Tan hampir memiliki nasib yang sama dengan Bung Karno, mati di tangan bangsanya sendiri. Jika Tan harus mati tertembak maka Soekarno mati sebagai tahanan politik orde baru. Tapi Tan tak seberuntung Bung Karno, mungkin karena Tan adalah seorang Kiri. Pendiri Partai Murba dan pernah menjadi pemimpin Partai Komunis Indonesia, sebuah partai yang menjijikkan bagi sebagian besar orang di bangsa ini.

Padahal Tan adalah sosok yang komplit, seorang eksaktawan yang mampu menerjemahkan kebakuan ilmu eksakta dalam gerakan-gerakan sosial-politk.
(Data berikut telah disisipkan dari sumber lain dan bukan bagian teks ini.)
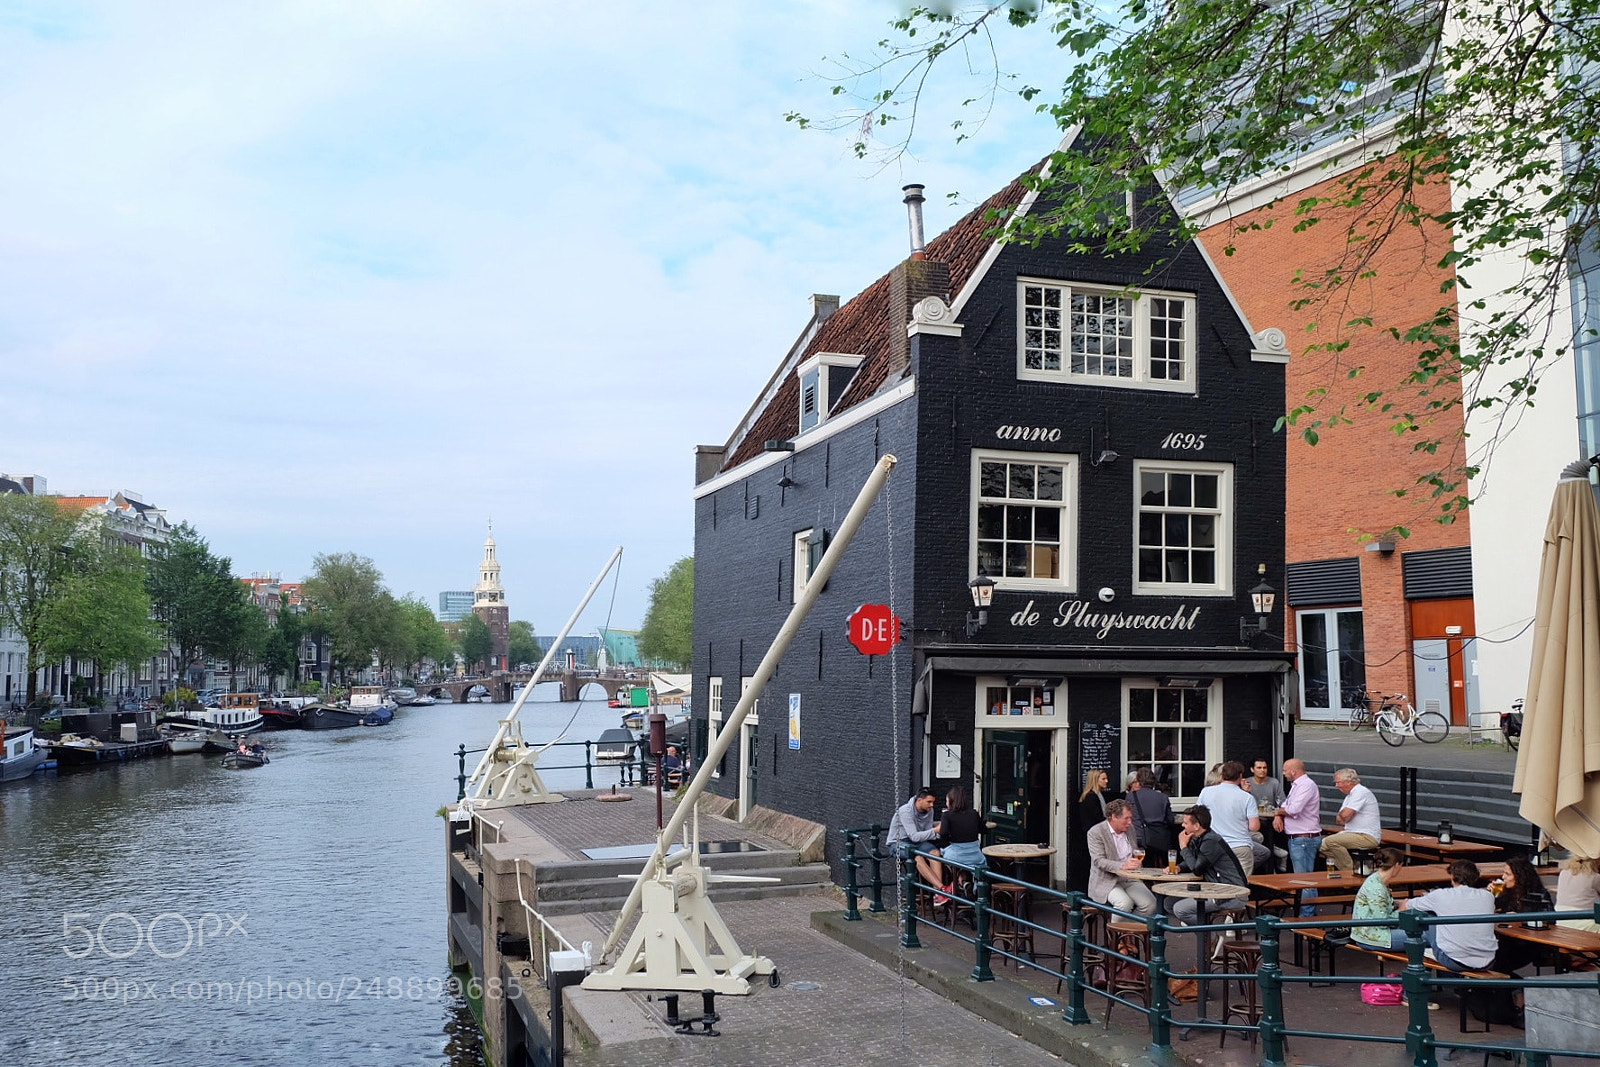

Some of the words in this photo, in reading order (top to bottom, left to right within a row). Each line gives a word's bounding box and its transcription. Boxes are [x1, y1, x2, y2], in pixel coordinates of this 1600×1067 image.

[996, 424, 1062, 442] anno
[1160, 431, 1208, 451] 1695
[1010, 600, 1040, 626] de
[1053, 600, 1201, 640] Sluyswacht
Ini dilihat dari berbagai karyanya MADILOG di dalamnya ada pembahasan logika dan matematika yang saya tak paham benar. Karya Tan tentu banyak, seperti Naar de Republik, sebuah buku yang dibuat untuk menyambut negara baru yang akan merdeka, Indonesia. Jauh sebelum merdeka, dengan keyakinan utuh Tan merasa Kemerdekaan Indonesia sudah dekat sehingga perlu konsep negara untuk menyiapkan bentuk negara dalam rangka menyambut hari kemerdekaan itu.

Semua itu ia siapkan dalam Naar de Republik. Buku yang ditunggu-tunggu oleh aktivis-aktivis pergerakan saat itu, termasuk Soekarno, dan benar Bapak Republik itu benar Indonesia harus menjadi Negara Republik. Oh ya, jangan lupa, ingat juga buku lainnya seperti Aksi Massa, Massa Aksi, Gerpolek, Dari Penjara ke Penjara, dll. Jika Tan sangat ahli dalam Logika dan Matematika, Soekarno sebaliknya sangat tak menyukai matematika.